Looking at digitization, tokenization, events and prediction markets, these are all things that are starting to especially with the growth of retail, kind of increasingly come into our "traditional world." So we're looking at all of that and thinking about where our place will be in that and can't give you kind of a specific idea of exactly where we're going to go on that. But we're cognizant of this broader landscape and larger changes that are happening, and we want to make sure that we're able to compete and provide value in that kind of evolving landscape.
Your next question comes from the line of Kyle Voigt with KBW.
So Craig, I echo the comments of everyone else looking forward to working with you. We're at much later stages of direct exchange consolidation, at least relative to the last time you were an exchange CEO. And since then, many of your peer exchanges have since turned towards other nontrading businesses such as information services as a pathway for inorganic growth.
I guess, what are your thoughts on that strategy of diversifying away from trading oriented businesses as an exchange operator and is a move towards nontransaction revenues a part of the larger goal in terms of inorganic growth for you? Or kind of how do you view that as a part of your inorganic strategy?
Yes. No, I appreciate your question. I mean, let me just sort of say, obviously, I think this is my third or fourth month in the seat. So there's an awful lot of work that I have to do here with my team and my colleagues in thinking about if we were to pursue inorganic growth through mergers and acquisitions kind of how we think about that and where we want to go.
So I'm not really prepared to answer that question today other than to say, I'm certainly very cognizant of exactly what you described. The exchange company landscape has matured and evolved over the course of the last 15 years.
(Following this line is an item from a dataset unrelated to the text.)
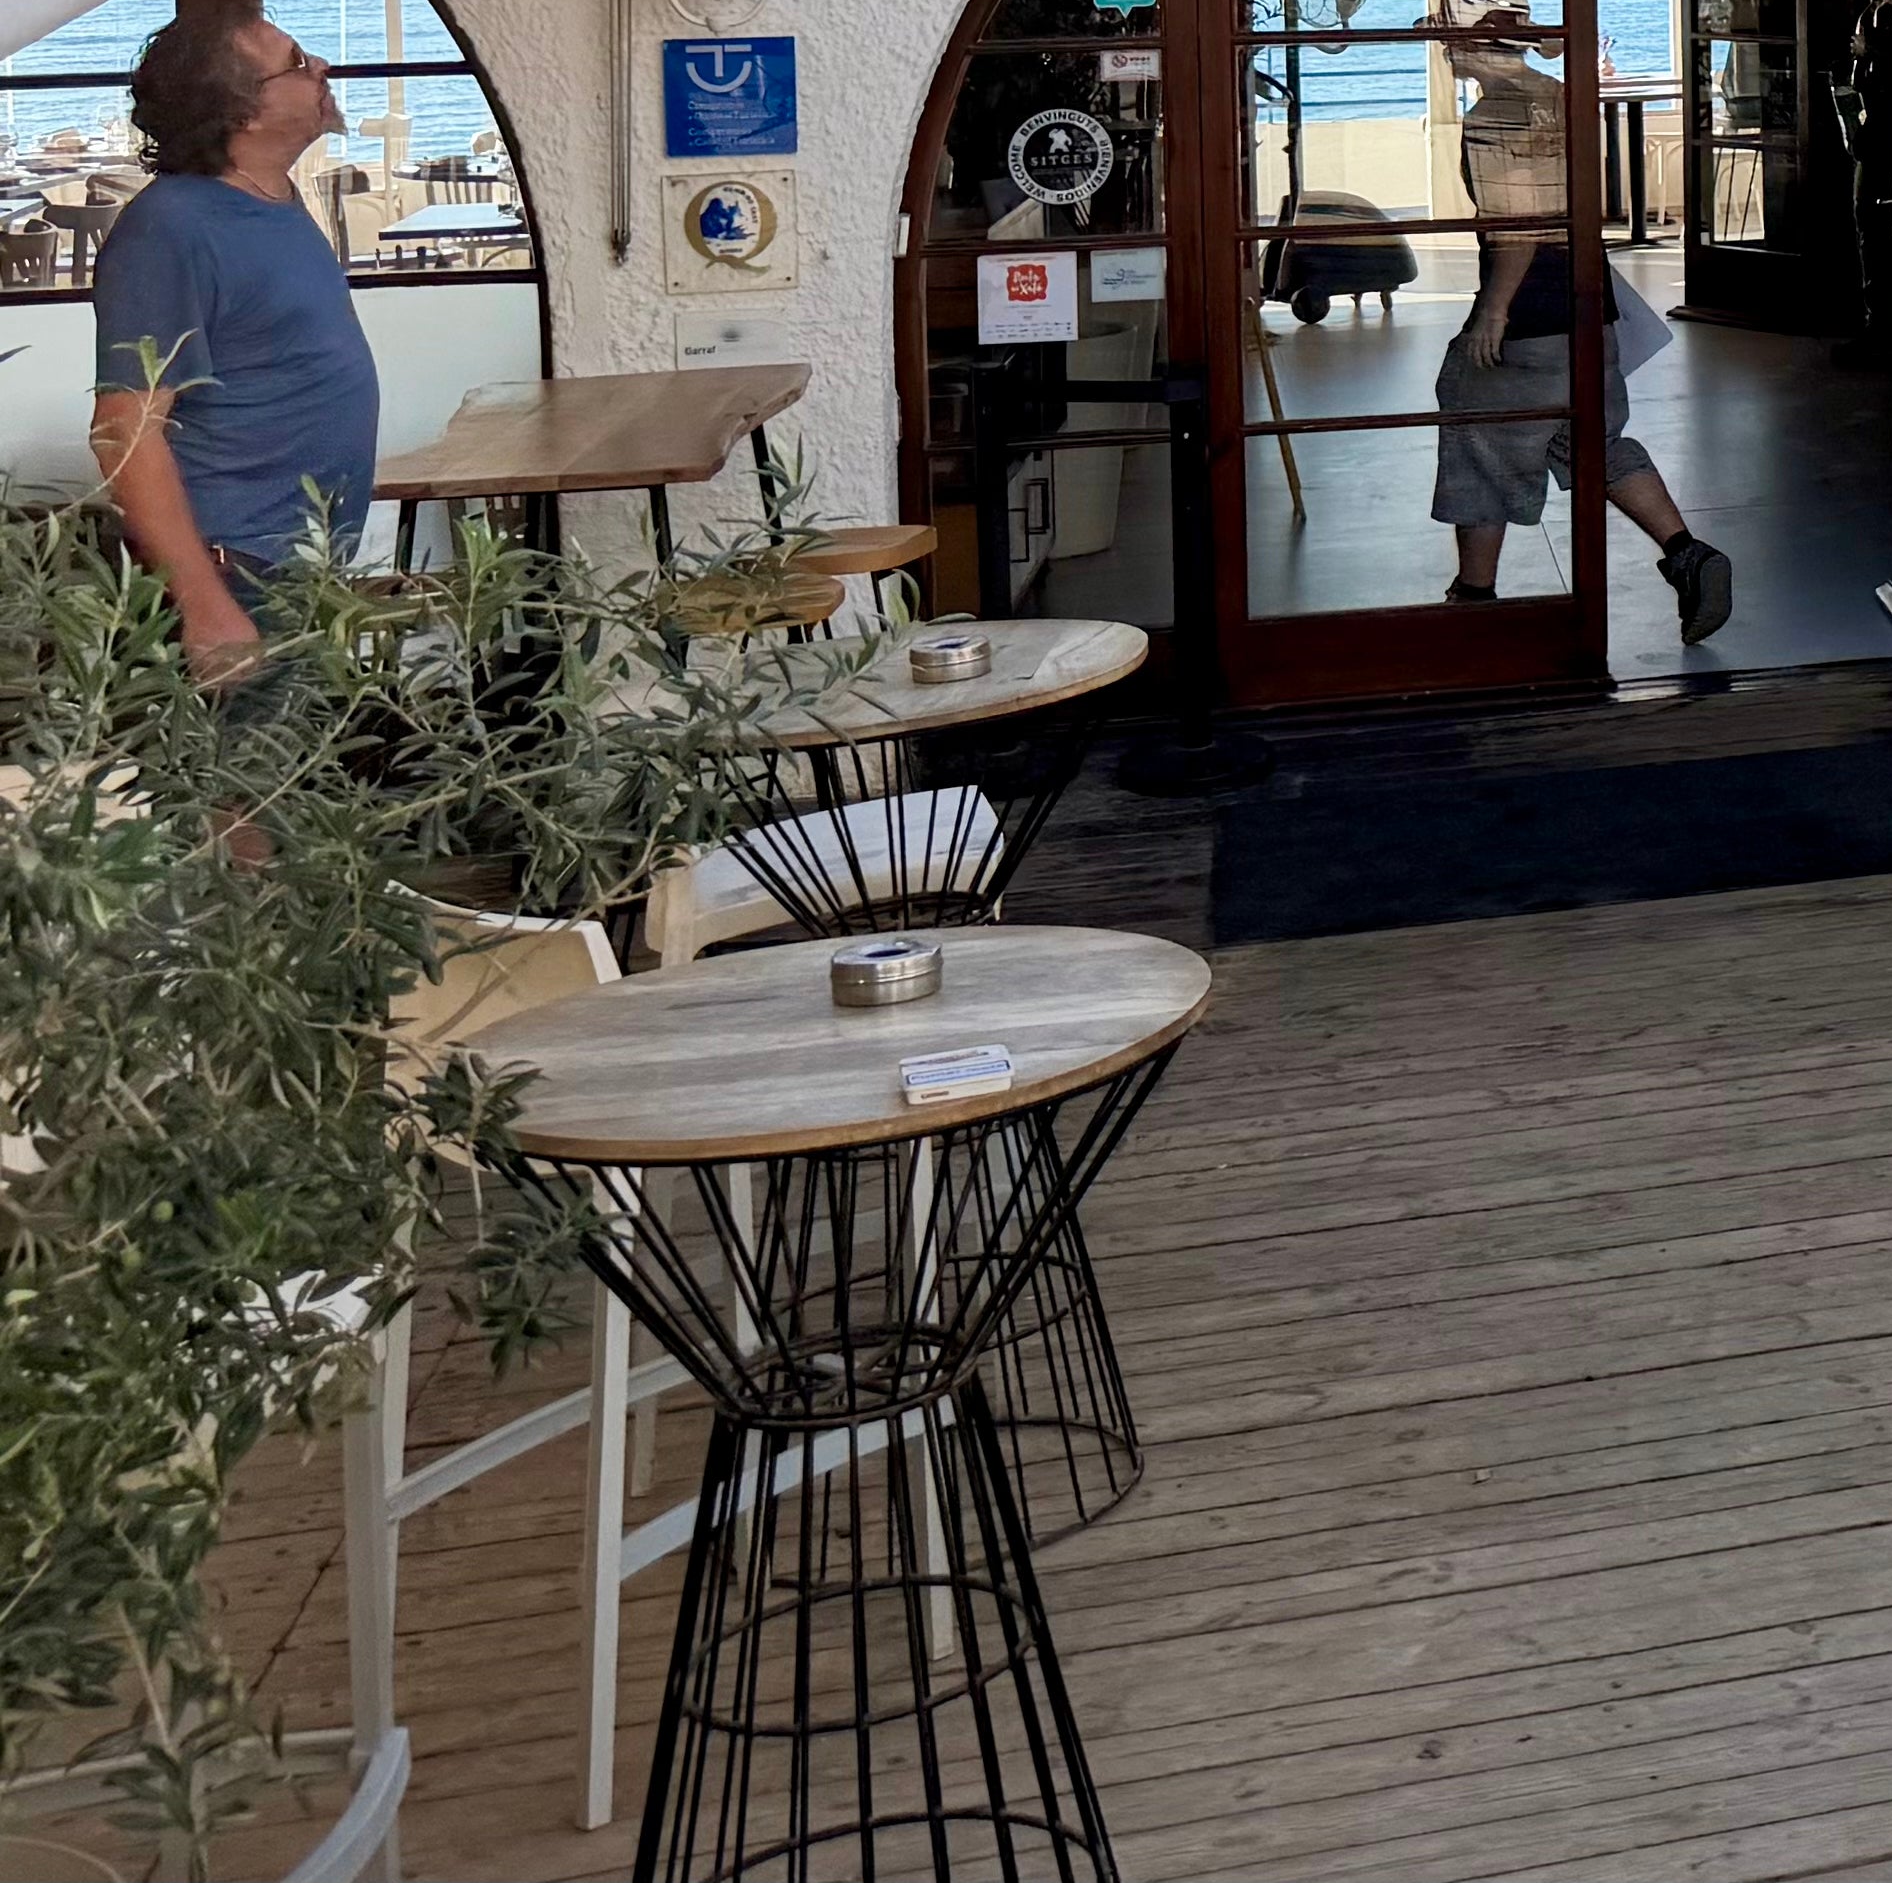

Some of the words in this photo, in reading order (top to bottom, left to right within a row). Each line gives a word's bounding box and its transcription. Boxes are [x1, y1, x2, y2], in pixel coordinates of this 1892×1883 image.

[1019, 111, 1100, 137] BENVINGUTS
[1030, 154, 1093, 167] SITGES
[1010, 144, 1046, 200] WELCOME
[684, 345, 717, 357] Garraf
And we see a number of our peer companies that have done, I think, a very effective job at expanding beyond the traditional core of what an exchange company is -- and they've created a level of diversity, not only in terms of the composition of the business, but the composition of the revenues and earnings that is compelling.
So we're cognizant of it. We're thinking about it in a very broad way, but at the same time, take you back to my earlier comments. We have a great core business. It's growing. There's lots more growth to be as we think. And so we're in a strong position, but we're going to be very disciplined, very rigorous and, I think, conservative and how we think about -- given we were to employ that sort of growth tactic of inorganic growth, we want to do that in a very thoughtful and meaningful way.
Our next question comes from the line of Michael Cyprys with Morgan Stanley.
I wanted to circle back to some of the commentary on the tokenization and blockchain. More of an industry, bigger picture focused question. Just given all the advancements that we're seeing in technology and the evolving regulatory backdrop. I'd just be curious your views around tokenization and blockchain.
What use cases do you find think to be most compelling? What are some of the hurdles, roadblocks as you think about implementation across the industry that could ultimately, if resolved, overcome, how that might be overcome that may lead to broader adoption as this technology has been around for many years. So curious your views around what the big unlock might be? And then what implications might this have for the industry?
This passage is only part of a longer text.